Pinkerton by Weezer | Teen Ink

Pinkerton by Weezer

February 25, 2019
By CoolPoet737 DIAMOND, South Burlington, Vermont
CoolPoet737 DIAMOND, South Burlington, Vermont
86 articles 5 photos 15 comments

Enthralled by Weezer's unabashedly goofy debut, Weezer (aka the Blue Album), geeky fans were sitting comfortably awaiting a similarly minded followup. However, when the band’s second album finally did arrive, it was the virtual opposite of what they (or anyone) expected. Raw, often dark, and extremely offbeat, Pinkerton initially received some mixed reviews (with Rolling Stone criticizing it for being juvenile and aimless), but has since become a favorite among music lovers and critics alike- and for good reason, too.

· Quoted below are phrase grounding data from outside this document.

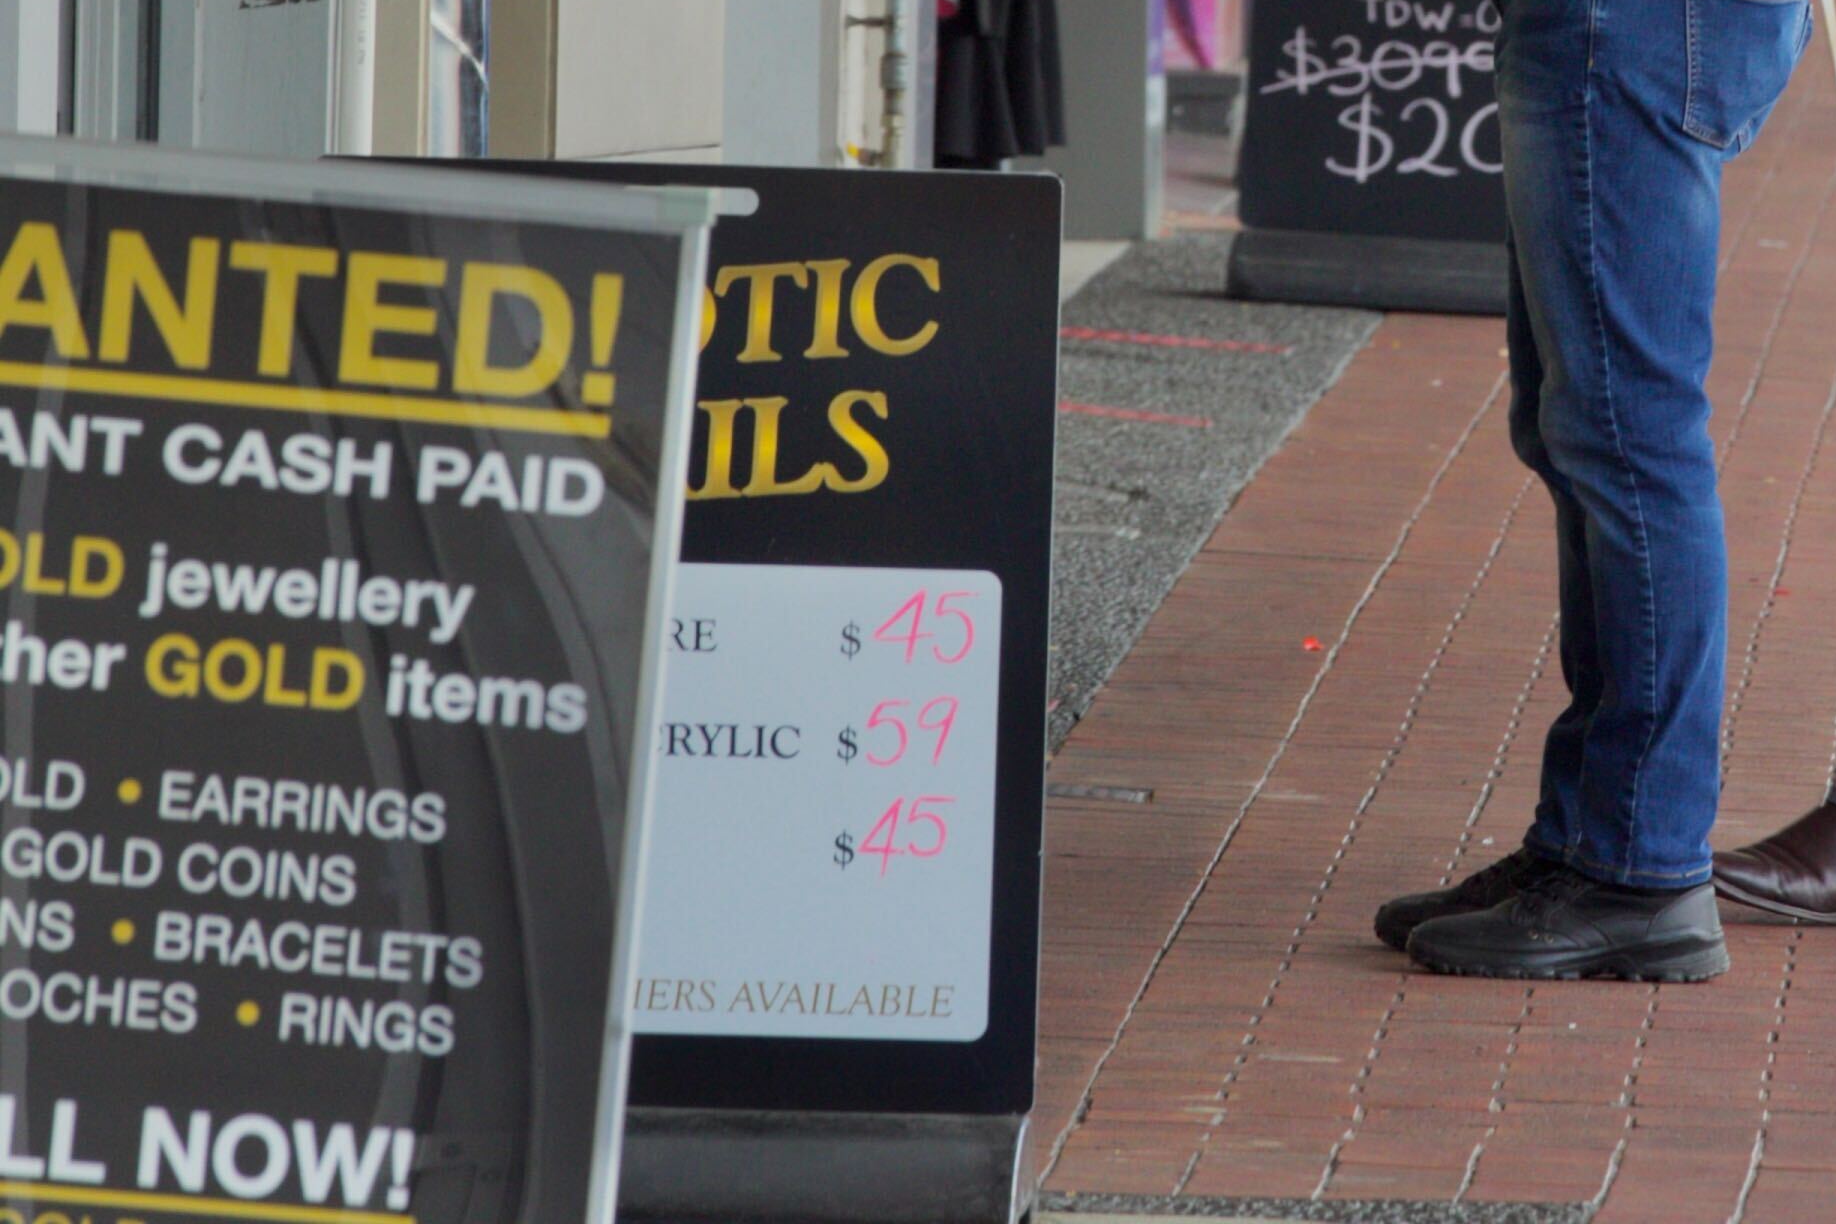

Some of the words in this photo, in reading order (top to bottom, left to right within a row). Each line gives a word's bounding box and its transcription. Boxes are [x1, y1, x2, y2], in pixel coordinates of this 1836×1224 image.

[697, 253, 940, 363] TIC
[162, 423, 392, 500] CASH
[417, 446, 606, 517] PAID
[685, 390, 889, 500] ILS
[139, 542, 475, 644] jewellery
[144, 633, 366, 711] GOLD
[386, 655, 588, 733] items
[658, 723, 801, 760] RYLIC
[158, 770, 447, 844] EARRINGS
[2, 826, 163, 888] GOLD
[178, 843, 357, 906] COINS
[154, 911, 484, 989] BRACELETS
[279, 992, 456, 1056] RINGS
[728, 982, 956, 1019] AVAILABLE
[137, 1105, 417, 1211] NOW!

If Weezer’s debut was their Nevermind- a virtually flawless pop classic that instantly broke them into the mainstream and changed the entire music scene forever- Pinkerton was their counter-reactive In Utero. This sudden tonal shift is most evident in the abrasive, almost Steve Albini-esque production and the surprisingly edgy songwriting (“Monday night I’m making Jen/Tuesday night I’m making Lynn”); both of which ultimately help make Pinkerton Weezer’s bold, brave masterpiece. While the album’s first half has more than enough standouts to deserve this honor (especially the detached opener “Tired Of Sex” and the creepily longing “Across The Sea”), the second half is truly where some of the band’s best (not to mention most memorable) material is showcased. “The Good Life” and “El Scorcho” are smart singalongs more catchy than “Buddy Holly”, the forlornly romantic “Pink Triangle” is where the awkward alt-rockers reach an undeniable emotional peak, and the acoustic closer “Butterfly” is beautiful even with lyrics like “If I’m a dog, then you’re a b****

Admittedly, the album is definitely not for Weezer fans used to the band’s relatively lighter side. In fact, Pinkerton is essentially Weezer for people who don’t like Weezer, or at least are irritated with how blandly peppy they can often be. Even if neither of those things apply to you, the album’s confessional nature and sublime material still make it well worth checking out. Just don’t play it around your parents.